ASSIGNED TASK
For every line in the material, print that line exactly.

========================================

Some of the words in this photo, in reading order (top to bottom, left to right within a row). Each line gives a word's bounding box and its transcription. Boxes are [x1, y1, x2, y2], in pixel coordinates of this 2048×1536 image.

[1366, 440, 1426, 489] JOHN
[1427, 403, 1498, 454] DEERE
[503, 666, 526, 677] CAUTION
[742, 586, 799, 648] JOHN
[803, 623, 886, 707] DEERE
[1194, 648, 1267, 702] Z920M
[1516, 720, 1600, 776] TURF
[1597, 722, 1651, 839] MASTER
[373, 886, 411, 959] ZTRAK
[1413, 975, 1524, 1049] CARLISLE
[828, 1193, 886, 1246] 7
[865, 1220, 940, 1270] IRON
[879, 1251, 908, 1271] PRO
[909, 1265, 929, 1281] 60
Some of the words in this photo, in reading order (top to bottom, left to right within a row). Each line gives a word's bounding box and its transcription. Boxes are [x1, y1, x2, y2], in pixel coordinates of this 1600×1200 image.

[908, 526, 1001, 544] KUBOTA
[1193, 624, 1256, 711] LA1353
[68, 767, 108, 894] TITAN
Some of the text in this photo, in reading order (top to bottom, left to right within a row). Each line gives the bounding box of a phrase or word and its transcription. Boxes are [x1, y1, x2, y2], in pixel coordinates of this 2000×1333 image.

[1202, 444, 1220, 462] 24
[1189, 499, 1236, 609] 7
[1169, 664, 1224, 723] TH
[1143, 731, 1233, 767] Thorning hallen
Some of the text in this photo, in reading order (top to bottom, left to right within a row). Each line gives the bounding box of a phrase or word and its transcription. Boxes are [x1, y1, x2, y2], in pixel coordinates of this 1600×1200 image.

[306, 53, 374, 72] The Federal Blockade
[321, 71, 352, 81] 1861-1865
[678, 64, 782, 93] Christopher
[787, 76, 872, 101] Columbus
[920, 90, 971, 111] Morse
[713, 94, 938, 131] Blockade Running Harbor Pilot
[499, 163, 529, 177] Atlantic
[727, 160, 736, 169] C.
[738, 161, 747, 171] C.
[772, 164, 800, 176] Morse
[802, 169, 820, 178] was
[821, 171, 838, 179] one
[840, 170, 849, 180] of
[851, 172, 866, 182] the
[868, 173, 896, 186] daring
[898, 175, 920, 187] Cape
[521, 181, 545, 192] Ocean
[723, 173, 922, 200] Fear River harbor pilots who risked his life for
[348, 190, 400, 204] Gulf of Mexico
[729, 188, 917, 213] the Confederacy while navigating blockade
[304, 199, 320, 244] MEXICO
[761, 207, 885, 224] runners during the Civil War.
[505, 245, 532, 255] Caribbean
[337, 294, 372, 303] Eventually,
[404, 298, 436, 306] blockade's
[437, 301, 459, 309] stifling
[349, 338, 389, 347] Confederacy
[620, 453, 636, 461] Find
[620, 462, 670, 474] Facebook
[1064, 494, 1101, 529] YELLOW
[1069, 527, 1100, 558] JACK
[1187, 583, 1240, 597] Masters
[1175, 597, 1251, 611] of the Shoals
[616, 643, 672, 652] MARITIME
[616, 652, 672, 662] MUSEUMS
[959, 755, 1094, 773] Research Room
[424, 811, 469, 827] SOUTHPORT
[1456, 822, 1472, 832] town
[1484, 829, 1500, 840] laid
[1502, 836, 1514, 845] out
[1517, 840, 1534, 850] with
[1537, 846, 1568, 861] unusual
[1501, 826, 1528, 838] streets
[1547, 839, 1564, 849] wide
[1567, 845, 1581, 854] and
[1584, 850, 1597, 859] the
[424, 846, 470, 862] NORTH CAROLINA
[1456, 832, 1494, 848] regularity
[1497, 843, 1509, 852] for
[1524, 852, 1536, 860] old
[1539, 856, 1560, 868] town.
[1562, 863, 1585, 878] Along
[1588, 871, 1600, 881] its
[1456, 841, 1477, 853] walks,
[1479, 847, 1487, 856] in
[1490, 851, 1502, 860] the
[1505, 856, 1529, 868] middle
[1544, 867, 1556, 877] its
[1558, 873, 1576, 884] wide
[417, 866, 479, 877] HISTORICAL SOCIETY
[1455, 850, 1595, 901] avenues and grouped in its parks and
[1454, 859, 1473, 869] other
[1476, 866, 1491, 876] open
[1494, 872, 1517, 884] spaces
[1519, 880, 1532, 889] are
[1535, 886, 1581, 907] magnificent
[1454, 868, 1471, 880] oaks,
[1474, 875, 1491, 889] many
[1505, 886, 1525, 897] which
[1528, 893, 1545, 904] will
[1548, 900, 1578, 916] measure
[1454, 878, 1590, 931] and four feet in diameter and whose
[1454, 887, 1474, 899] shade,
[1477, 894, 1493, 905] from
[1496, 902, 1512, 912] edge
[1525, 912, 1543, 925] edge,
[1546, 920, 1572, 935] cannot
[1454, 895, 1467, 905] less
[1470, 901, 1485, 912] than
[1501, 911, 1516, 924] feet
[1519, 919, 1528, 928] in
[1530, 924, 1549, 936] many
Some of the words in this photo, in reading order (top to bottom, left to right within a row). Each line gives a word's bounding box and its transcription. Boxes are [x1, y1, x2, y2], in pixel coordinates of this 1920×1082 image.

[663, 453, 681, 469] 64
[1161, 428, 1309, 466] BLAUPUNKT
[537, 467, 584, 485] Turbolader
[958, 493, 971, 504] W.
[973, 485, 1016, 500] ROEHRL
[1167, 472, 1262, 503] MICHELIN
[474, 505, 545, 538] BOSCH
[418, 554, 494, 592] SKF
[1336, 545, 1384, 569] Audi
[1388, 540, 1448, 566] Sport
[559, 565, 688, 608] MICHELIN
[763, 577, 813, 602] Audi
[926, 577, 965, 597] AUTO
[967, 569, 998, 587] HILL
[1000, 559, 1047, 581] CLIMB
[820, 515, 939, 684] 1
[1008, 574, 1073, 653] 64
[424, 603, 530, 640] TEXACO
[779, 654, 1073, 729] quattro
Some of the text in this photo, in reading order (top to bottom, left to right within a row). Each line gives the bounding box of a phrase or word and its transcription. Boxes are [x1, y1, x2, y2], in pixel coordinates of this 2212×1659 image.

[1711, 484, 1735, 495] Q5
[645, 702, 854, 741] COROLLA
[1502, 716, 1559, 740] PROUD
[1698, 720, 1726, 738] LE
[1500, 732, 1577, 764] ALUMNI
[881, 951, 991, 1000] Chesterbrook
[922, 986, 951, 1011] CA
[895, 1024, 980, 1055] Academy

========================================

RESPONSE TO THE EXERCISE
Some of the words in this photo, in reading order (top to bottom, left to right within a row). Each line gives a word's bounding box and its transcription. Boxes are [x1, y1, x2, y2], in pixel coordinates of this 2048×1536 image.

[1366, 440, 1426, 489] JOHN
[1427, 403, 1498, 454] DEERE
[503, 666, 526, 677] CAUTION
[742, 586, 799, 648] JOHN
[803, 623, 886, 707] DEERE
[1194, 648, 1267, 702] Z920M
[1516, 720, 1600, 776] TURF
[1597, 722, 1651, 839] MASTER
[373, 886, 411, 959] ZTRAK
[1413, 975, 1524, 1049] CARLISLE
[828, 1193, 886, 1246] 7
[865, 1220, 940, 1270] IRON
[879, 1251, 908, 1271] PRO
[909, 1265, 929, 1281] 60
Some of the words in this photo, in reading order (top to bottom, left to right within a row). Each line gives a word's bounding box and its transcription. Boxes are [x1, y1, x2, y2], in pixel coordinates of this 1600×1200 image.

[908, 526, 1001, 544] KUBOTA
[1193, 624, 1256, 711] LA1353
[68, 767, 108, 894] TITAN
Some of the text in this photo, in reading order (top to bottom, left to right within a row). Each line gives the bounding box of a phrase or word and its transcription. Boxes are [x1, y1, x2, y2], in pixel coordinates of this 2000×1333 image.

[1202, 444, 1220, 462] 24
[1189, 499, 1236, 609] 7
[1169, 664, 1224, 723] TH
[1143, 731, 1233, 767] Thorning hallen
Some of the text in this photo, in reading order (top to bottom, left to right within a row). Each line gives the bounding box of a phrase or word and its transcription. Boxes are [x1, y1, x2, y2], in pixel coordinates of this 1600×1200 image.

[306, 53, 374, 72] The Federal Blockade
[321, 71, 352, 81] 1861-1865
[678, 64, 782, 93] Christopher
[787, 76, 872, 101] Columbus
[920, 90, 971, 111] Morse
[713, 94, 938, 131] Blockade Running Harbor Pilot
[499, 163, 529, 177] Atlantic
[727, 160, 736, 169] C.
[738, 161, 747, 171] C.
[772, 164, 800, 176] Morse
[802, 169, 820, 178] was
[821, 171, 838, 179] one
[840, 170, 849, 180] of
[851, 172, 866, 182] the
[868, 173, 896, 186] daring
[898, 175, 920, 187] Cape
[521, 181, 545, 192] Ocean
[723, 173, 922, 200] Fear River harbor pilots who risked his life for
[348, 190, 400, 204] Gulf of Mexico
[729, 188, 917, 213] the Confederacy while navigating blockade
[304, 199, 320, 244] MEXICO
[761, 207, 885, 224] runners during the Civil War.
[505, 245, 532, 255] Caribbean
[337, 294, 372, 303] Eventually,
[404, 298, 436, 306] blockade's
[437, 301, 459, 309] stifling
[349, 338, 389, 347] Confederacy
[620, 453, 636, 461] Find
[620, 462, 670, 474] Facebook
[1064, 494, 1101, 529] YELLOW
[1069, 527, 1100, 558] JACK
[1187, 583, 1240, 597] Masters
[1175, 597, 1251, 611] of the Shoals
[616, 643, 672, 652] MARITIME
[616, 652, 672, 662] MUSEUMS
[959, 755, 1094, 773] Research Room
[424, 811, 469, 827] SOUTHPORT
[1456, 822, 1472, 832] town
[1484, 829, 1500, 840] laid
[1502, 836, 1514, 845] out
[1517, 840, 1534, 850] with
[1537, 846, 1568, 861] unusual
[1501, 826, 1528, 838] streets
[1547, 839, 1564, 849] wide
[1567, 845, 1581, 854] and
[1584, 850, 1597, 859] the
[424, 846, 470, 862] NORTH CAROLINA
[1456, 832, 1494, 848] regularity
[1497, 843, 1509, 852] for
[1524, 852, 1536, 860] old
[1539, 856, 1560, 868] town.
[1562, 863, 1585, 878] Along
[1588, 871, 1600, 881] its
[1456, 841, 1477, 853] walks,
[1479, 847, 1487, 856] in
[1490, 851, 1502, 860] the
[1505, 856, 1529, 868] middle
[1544, 867, 1556, 877] its
[1558, 873, 1576, 884] wide
[417, 866, 479, 877] HISTORICAL SOCIETY
[1455, 850, 1595, 901] avenues and grouped in its parks and
[1454, 859, 1473, 869] other
[1476, 866, 1491, 876] open
[1494, 872, 1517, 884] spaces
[1519, 880, 1532, 889] are
[1535, 886, 1581, 907] magnificent
[1454, 868, 1471, 880] oaks,
[1474, 875, 1491, 889] many
[1505, 886, 1525, 897] which
[1528, 893, 1545, 904] will
[1548, 900, 1578, 916] measure
[1454, 878, 1590, 931] and four feet in diameter and whose
[1454, 887, 1474, 899] shade,
[1477, 894, 1493, 905] from
[1496, 902, 1512, 912] edge
[1525, 912, 1543, 925] edge,
[1546, 920, 1572, 935] cannot
[1454, 895, 1467, 905] less
[1470, 901, 1485, 912] than
[1501, 911, 1516, 924] feet
[1519, 919, 1528, 928] in
[1530, 924, 1549, 936] many
Some of the words in this photo, in reading order (top to bottom, left to right within a row). Each line gives a word's bounding box and its transcription. Boxes are [x1, y1, x2, y2], in pixel coordinates of this 1920×1082 image.

[663, 453, 681, 469] 64
[1161, 428, 1309, 466] BLAUPUNKT
[537, 467, 584, 485] Turbolader
[958, 493, 971, 504] W.
[973, 485, 1016, 500] ROEHRL
[1167, 472, 1262, 503] MICHELIN
[474, 505, 545, 538] BOSCH
[418, 554, 494, 592] SKF
[1336, 545, 1384, 569] Audi
[1388, 540, 1448, 566] Sport
[559, 565, 688, 608] MICHELIN
[763, 577, 813, 602] Audi
[926, 577, 965, 597] AUTO
[967, 569, 998, 587] HILL
[1000, 559, 1047, 581] CLIMB
[820, 515, 939, 684] 1
[1008, 574, 1073, 653] 64
[424, 603, 530, 640] TEXACO
[779, 654, 1073, 729] quattro
Some of the text in this photo, in reading order (top to bottom, left to right within a row). Each line gives the bounding box of a phrase or word and its transcription. Boxes are [x1, y1, x2, y2], in pixel coordinates of this 2212×1659 image.

[1711, 484, 1735, 495] Q5
[645, 702, 854, 741] COROLLA
[1502, 716, 1559, 740] PROUD
[1698, 720, 1726, 738] LE
[1500, 732, 1577, 764] ALUMNI
[881, 951, 991, 1000] Chesterbrook
[922, 986, 951, 1011] CA
[895, 1024, 980, 1055] Academy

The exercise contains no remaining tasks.